• _Data for the task_
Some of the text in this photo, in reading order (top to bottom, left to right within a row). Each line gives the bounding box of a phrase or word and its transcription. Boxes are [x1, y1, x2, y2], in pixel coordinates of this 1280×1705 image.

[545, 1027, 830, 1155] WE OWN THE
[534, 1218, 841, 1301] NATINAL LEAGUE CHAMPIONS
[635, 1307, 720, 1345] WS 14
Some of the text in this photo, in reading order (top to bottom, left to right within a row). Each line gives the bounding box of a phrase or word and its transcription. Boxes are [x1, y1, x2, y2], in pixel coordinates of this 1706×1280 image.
--
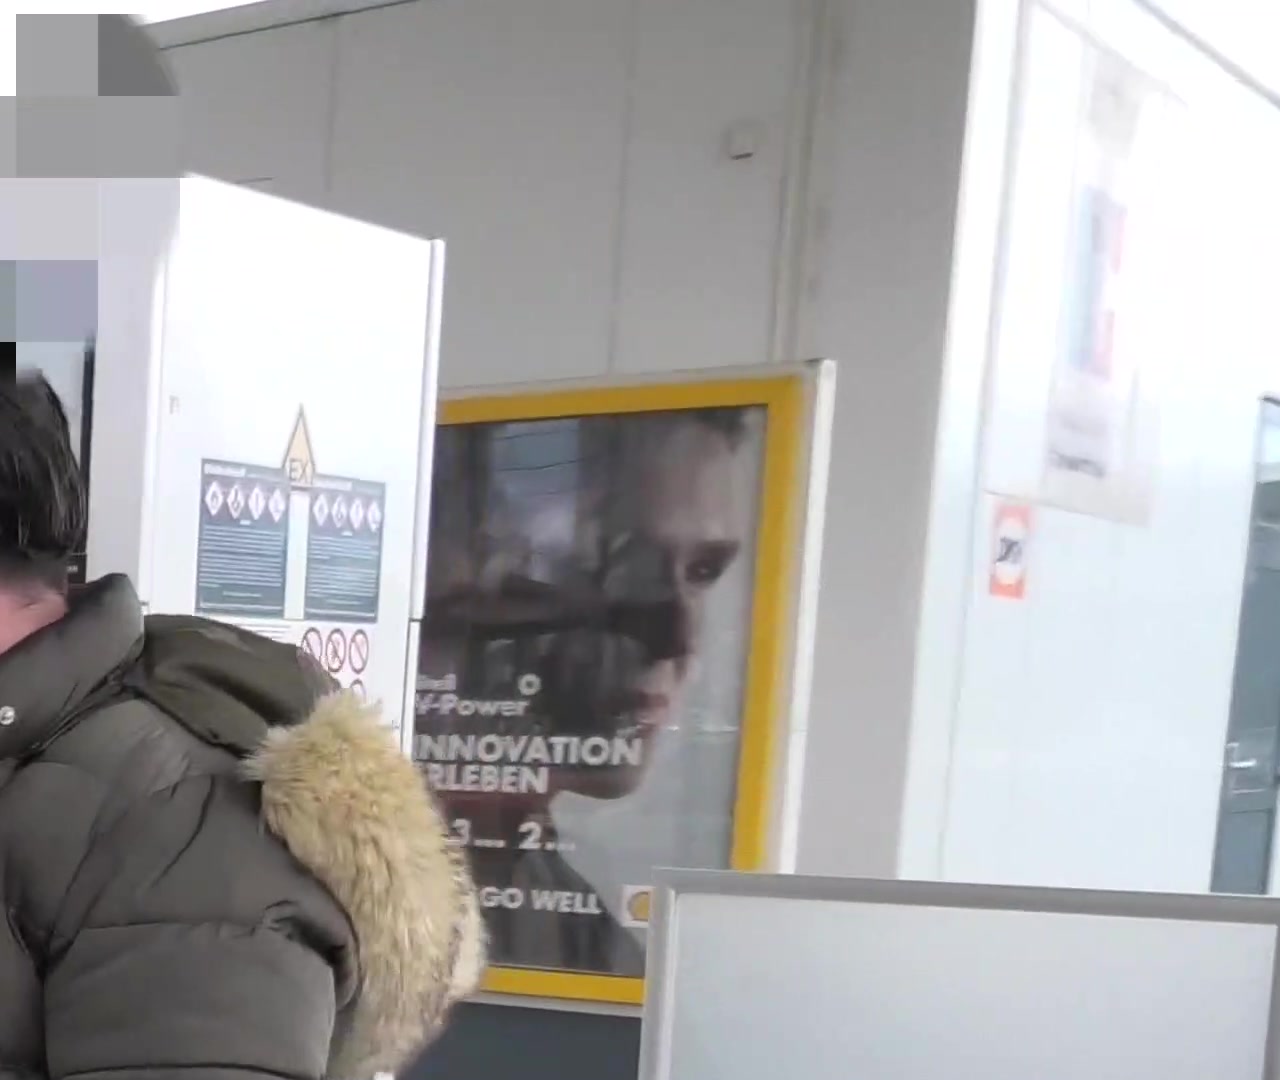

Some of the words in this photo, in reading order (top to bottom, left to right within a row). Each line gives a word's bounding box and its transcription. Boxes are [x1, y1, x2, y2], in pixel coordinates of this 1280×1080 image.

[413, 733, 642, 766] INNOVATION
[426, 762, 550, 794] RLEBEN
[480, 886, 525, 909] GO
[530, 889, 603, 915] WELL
...
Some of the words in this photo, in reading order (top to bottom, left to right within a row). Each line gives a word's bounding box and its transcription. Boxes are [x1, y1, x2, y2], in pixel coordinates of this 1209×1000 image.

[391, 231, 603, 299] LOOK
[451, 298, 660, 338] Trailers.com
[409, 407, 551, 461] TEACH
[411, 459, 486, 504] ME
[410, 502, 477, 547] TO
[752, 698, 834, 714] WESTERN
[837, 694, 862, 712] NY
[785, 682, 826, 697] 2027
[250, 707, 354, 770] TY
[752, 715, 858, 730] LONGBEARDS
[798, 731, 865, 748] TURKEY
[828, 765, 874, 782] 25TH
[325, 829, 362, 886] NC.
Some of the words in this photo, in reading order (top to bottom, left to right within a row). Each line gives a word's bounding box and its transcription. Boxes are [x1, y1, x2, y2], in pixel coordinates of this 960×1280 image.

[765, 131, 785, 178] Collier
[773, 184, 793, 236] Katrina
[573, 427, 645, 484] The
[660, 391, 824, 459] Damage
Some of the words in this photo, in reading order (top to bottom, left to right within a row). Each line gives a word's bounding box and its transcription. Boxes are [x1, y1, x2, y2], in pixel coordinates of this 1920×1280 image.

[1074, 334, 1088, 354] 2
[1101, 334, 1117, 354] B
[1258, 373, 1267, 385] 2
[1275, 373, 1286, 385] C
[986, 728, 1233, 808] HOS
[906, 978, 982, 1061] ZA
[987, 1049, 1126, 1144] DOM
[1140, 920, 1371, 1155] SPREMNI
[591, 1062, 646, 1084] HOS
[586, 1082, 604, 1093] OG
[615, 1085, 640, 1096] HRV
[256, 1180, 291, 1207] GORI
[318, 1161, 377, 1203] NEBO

• _How to complete this task_
Retype the portion of the data above that starts on the line with "this 1280×1705 image." and finishes on the line with "this 1706×1280 image.", including both of those lines.

• _Result_
Some of the text in this photo, in reading order (top to bottom, left to right within a row). Each line gives the bounding box of a phrase or word and its transcription. Boxes are [x1, y1, x2, y2], in pixel coordinates of this 1280×1705 image.

[545, 1027, 830, 1155] WE OWN THE
[534, 1218, 841, 1301] NATINAL LEAGUE CHAMPIONS
[635, 1307, 720, 1345] WS 14
Some of the text in this photo, in reading order (top to bottom, left to right within a row). Each line gives the bounding box of a phrase or word and its transcription. Boxes are [x1, y1, x2, y2], in pixel coordinates of this 1706×1280 image.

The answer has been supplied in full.